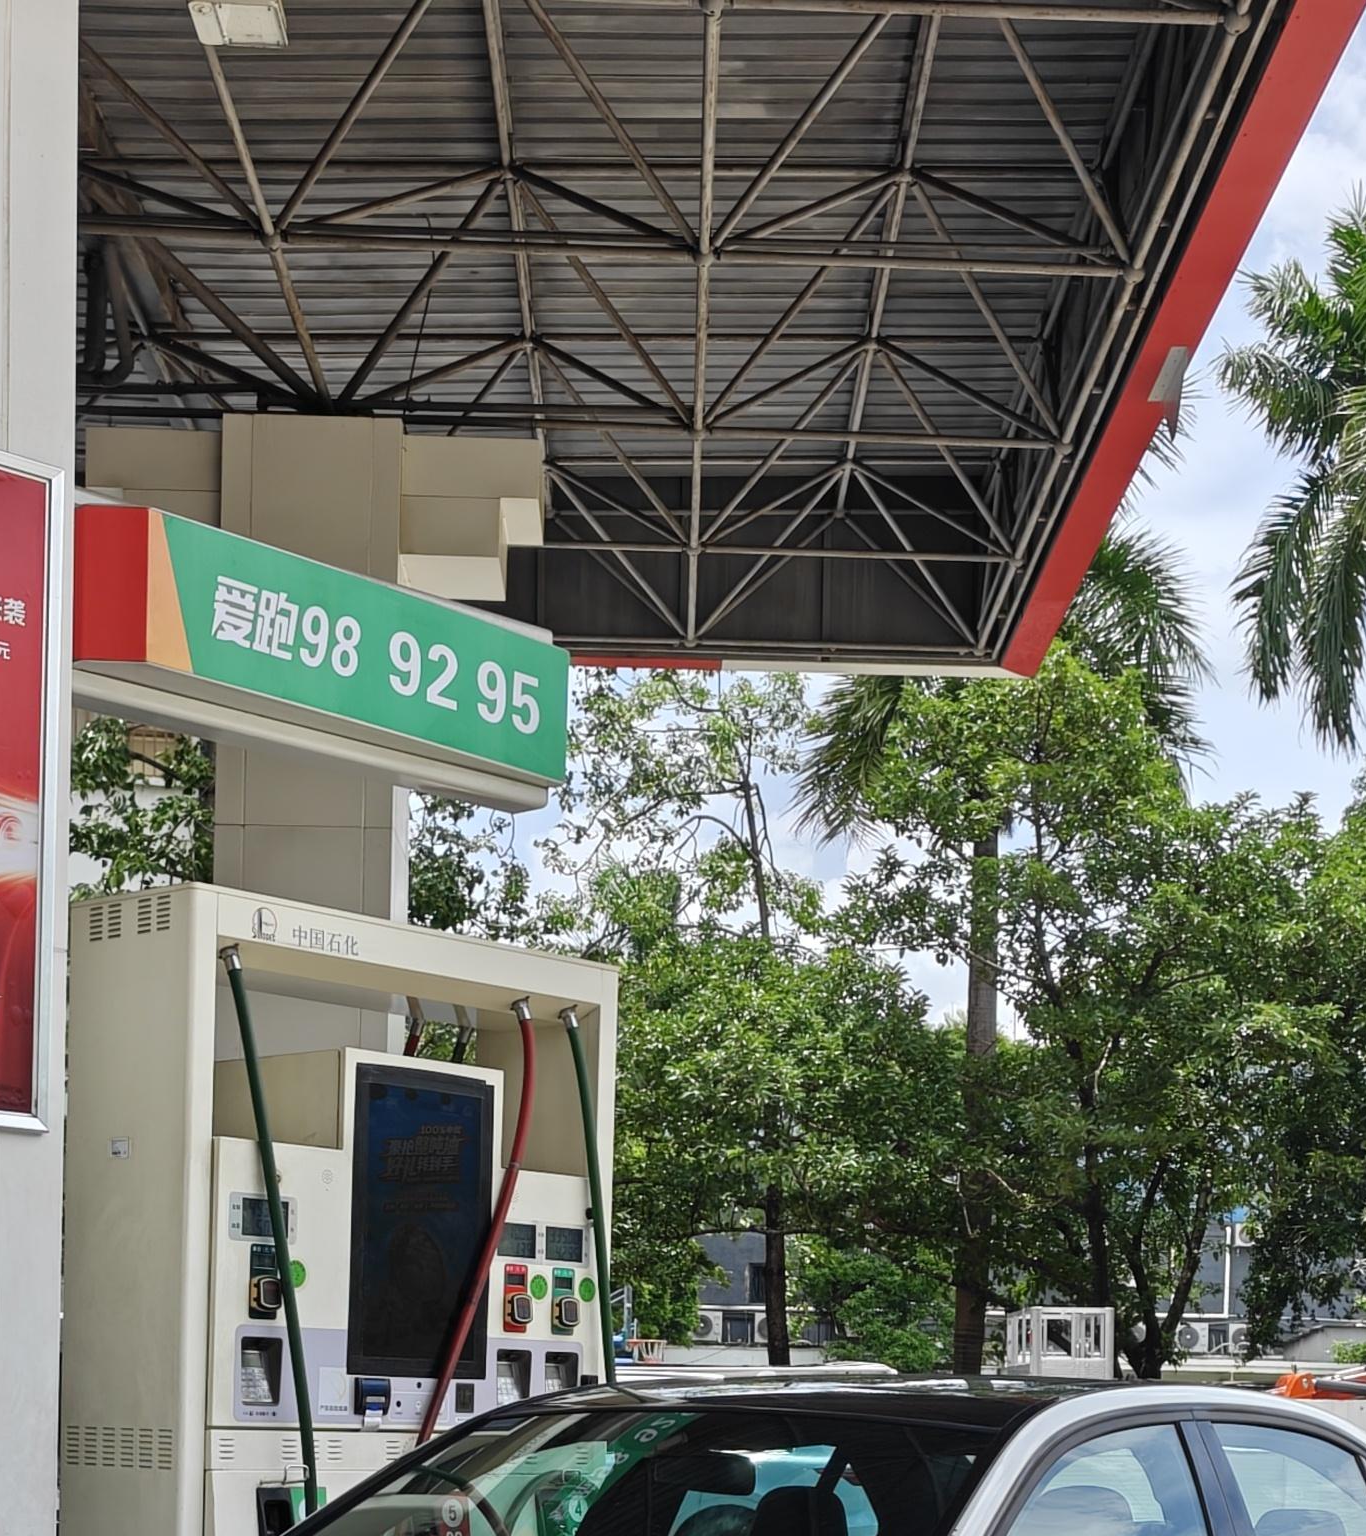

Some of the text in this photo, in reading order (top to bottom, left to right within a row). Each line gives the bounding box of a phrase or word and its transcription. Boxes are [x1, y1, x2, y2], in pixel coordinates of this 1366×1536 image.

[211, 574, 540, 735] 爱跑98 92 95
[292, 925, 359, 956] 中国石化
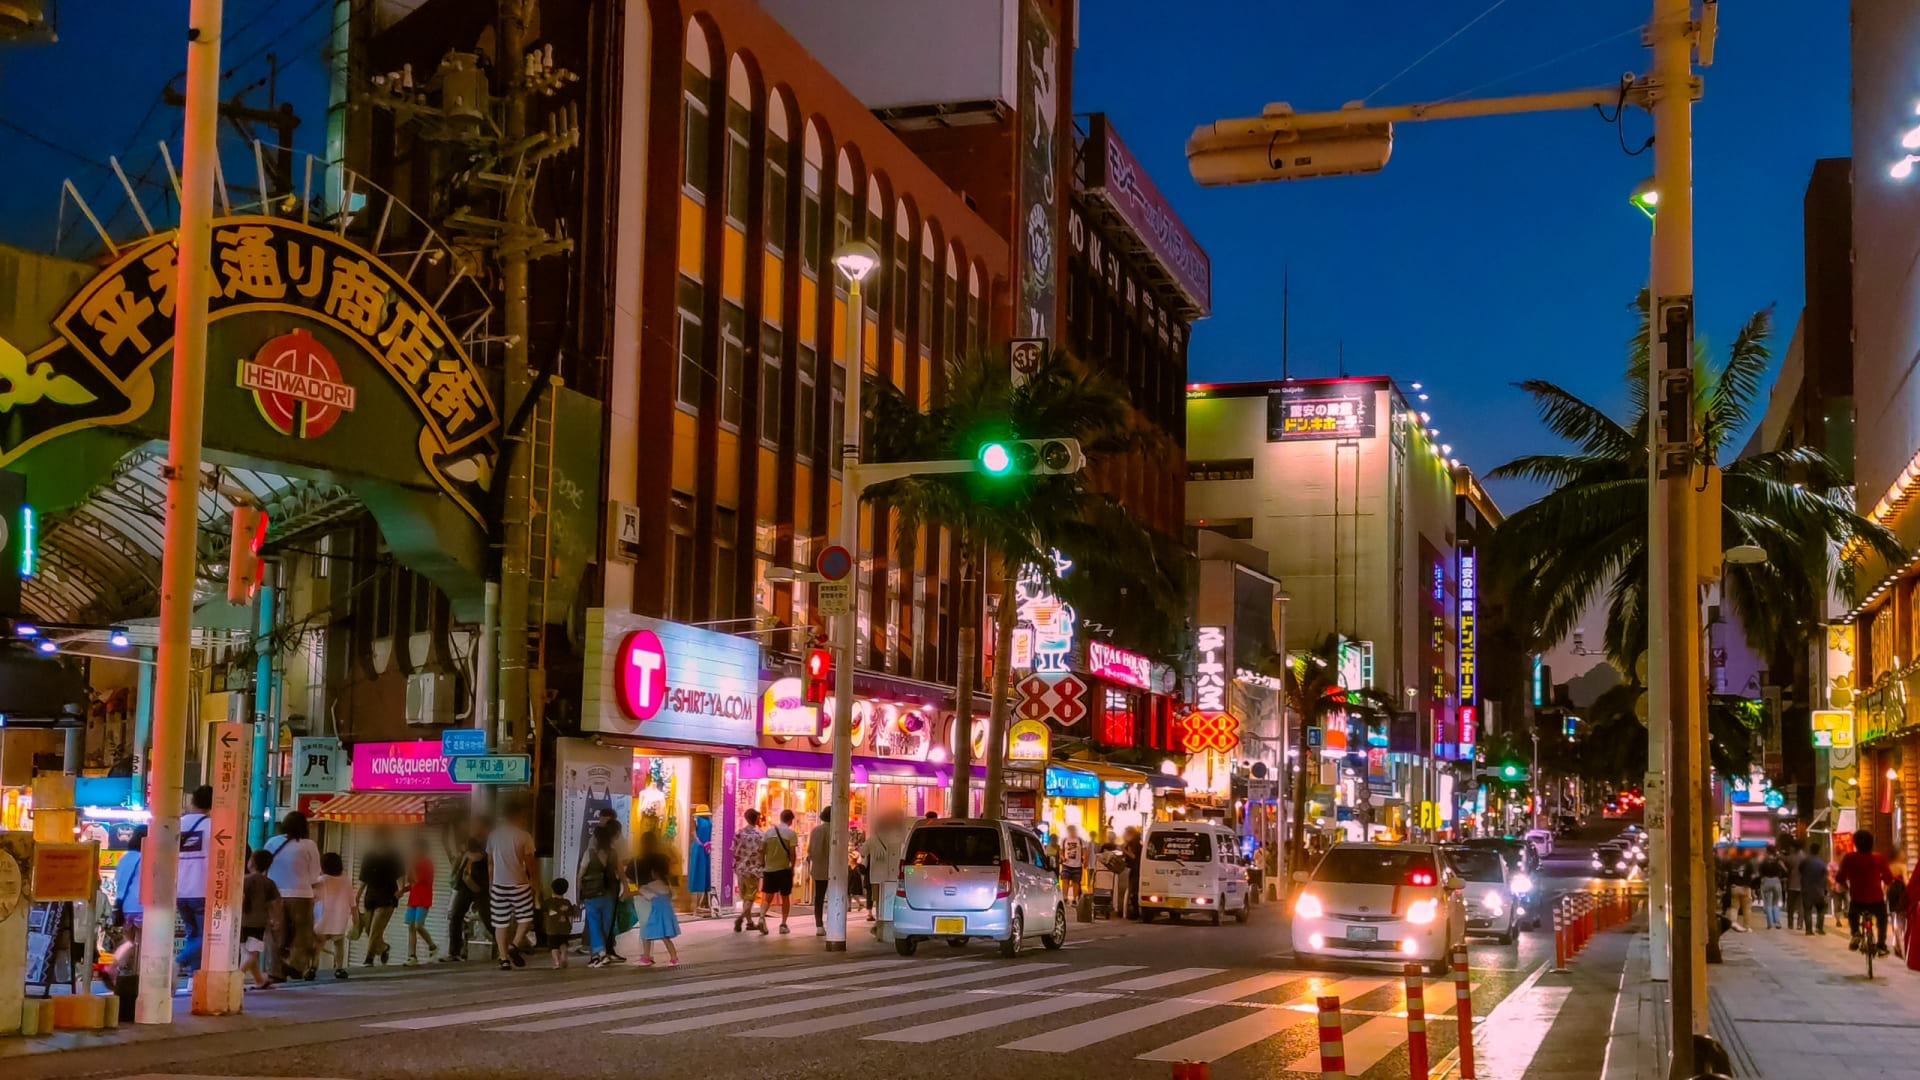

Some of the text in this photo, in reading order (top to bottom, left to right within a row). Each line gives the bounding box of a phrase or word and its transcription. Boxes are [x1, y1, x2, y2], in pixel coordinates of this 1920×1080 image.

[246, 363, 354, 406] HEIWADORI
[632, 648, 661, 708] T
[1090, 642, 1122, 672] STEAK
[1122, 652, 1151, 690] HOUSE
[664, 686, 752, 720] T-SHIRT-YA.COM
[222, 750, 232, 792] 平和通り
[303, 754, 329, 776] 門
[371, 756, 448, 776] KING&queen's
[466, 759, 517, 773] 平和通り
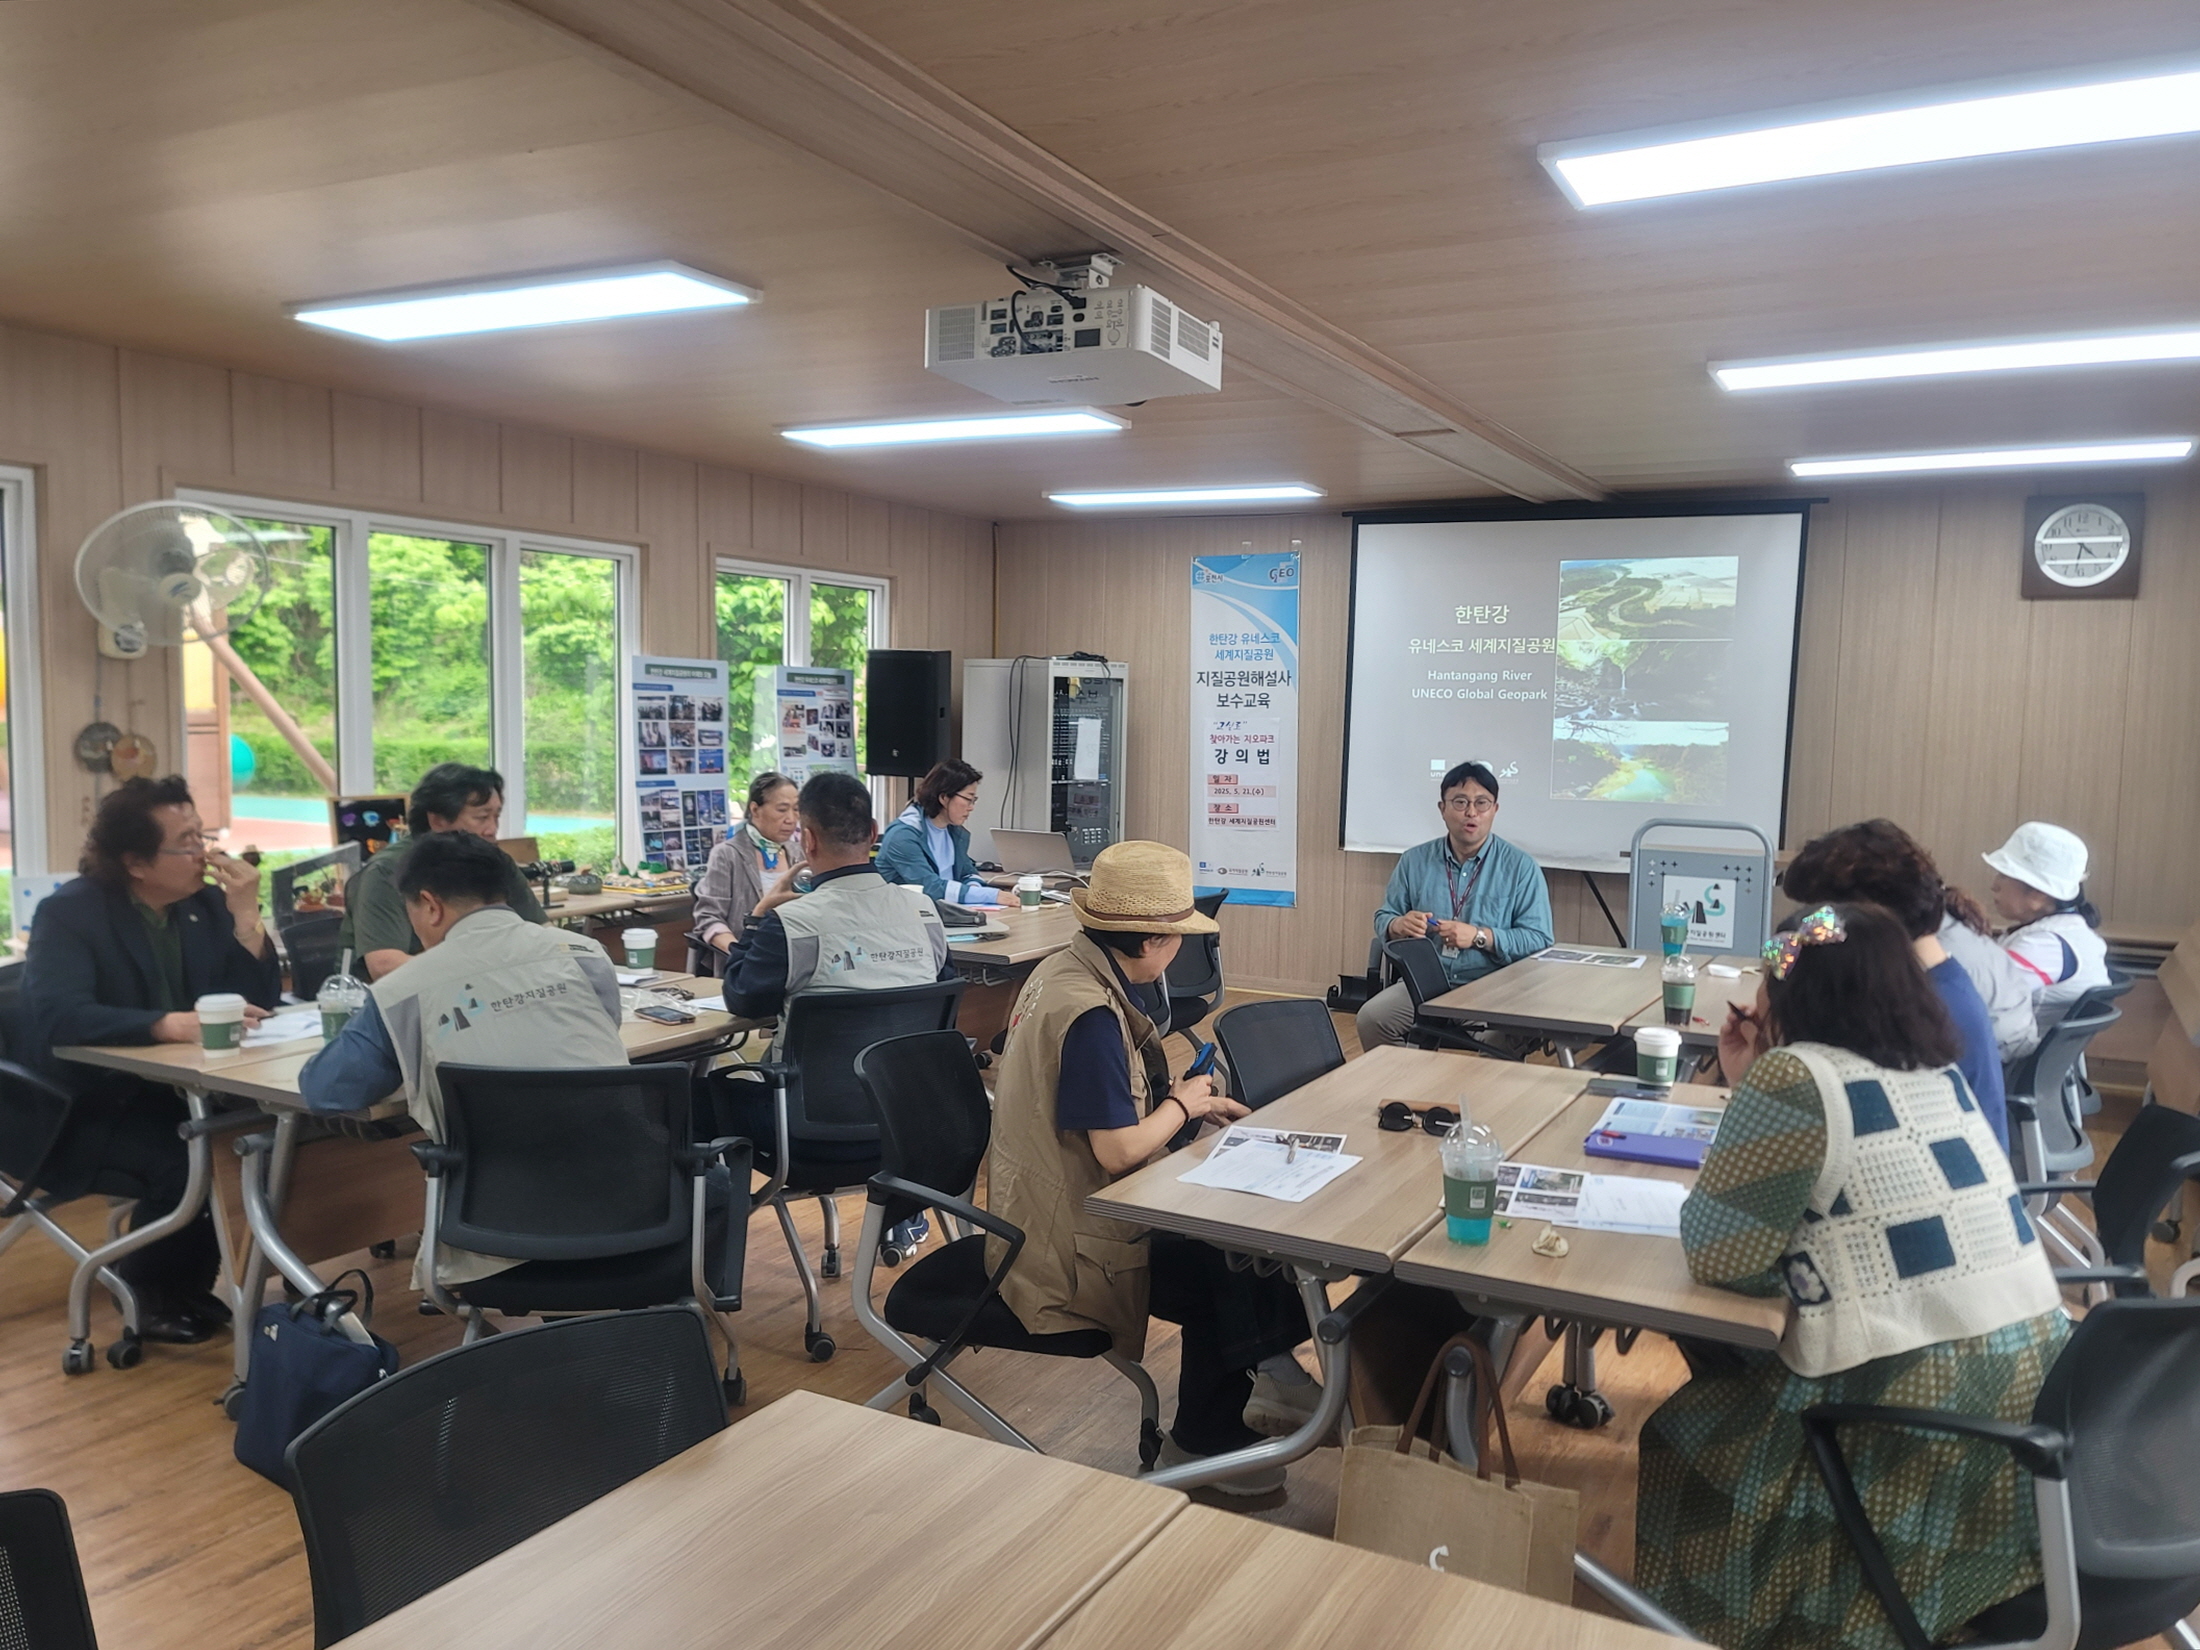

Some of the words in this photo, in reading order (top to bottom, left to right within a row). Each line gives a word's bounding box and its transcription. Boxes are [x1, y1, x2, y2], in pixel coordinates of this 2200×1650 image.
------------------------------------------------------------
- **Required action**
Could you retype all the entries above exactly, without the pictures?

- **Result of the exercise**
Some of the text in this photo, in reading order (top to bottom, left to right within a row). Each line gives the bounding box of a phrase or word and its transcription. Boxes are [x1, y1, x2, y2], in pixel coordinates of this 1366×1536 image.

[211, 574, 540, 735] 爱跑98 92 95
[292, 925, 359, 956] 中国石化

Some of the text in this photo, in reading order (top to bottom, left to right within a row). Each line gives the bounding box of a phrase or word and its transcription. Boxes are [x1, y1, x2, y2], in pixel coordinates of this 1920×1080 image.

[246, 363, 354, 406] HEIWADORI
[632, 648, 661, 708] T
[1090, 642, 1122, 672] STEAK
[1122, 652, 1151, 690] HOUSE
[664, 686, 752, 720] T-SHIRT-YA.COM
[222, 750, 232, 792] 平和通り
[303, 754, 329, 776] 門
[371, 756, 448, 776] KING&queen's
[466, 759, 517, 773] 平和通り

Some of the words in this photo, in reading order (top to bottom, left to right within a row). Each line gives a word's bounding box and its transcription. Boxes are [x1, y1, x2, y2], in pixel coordinates of this 2200×1650 image.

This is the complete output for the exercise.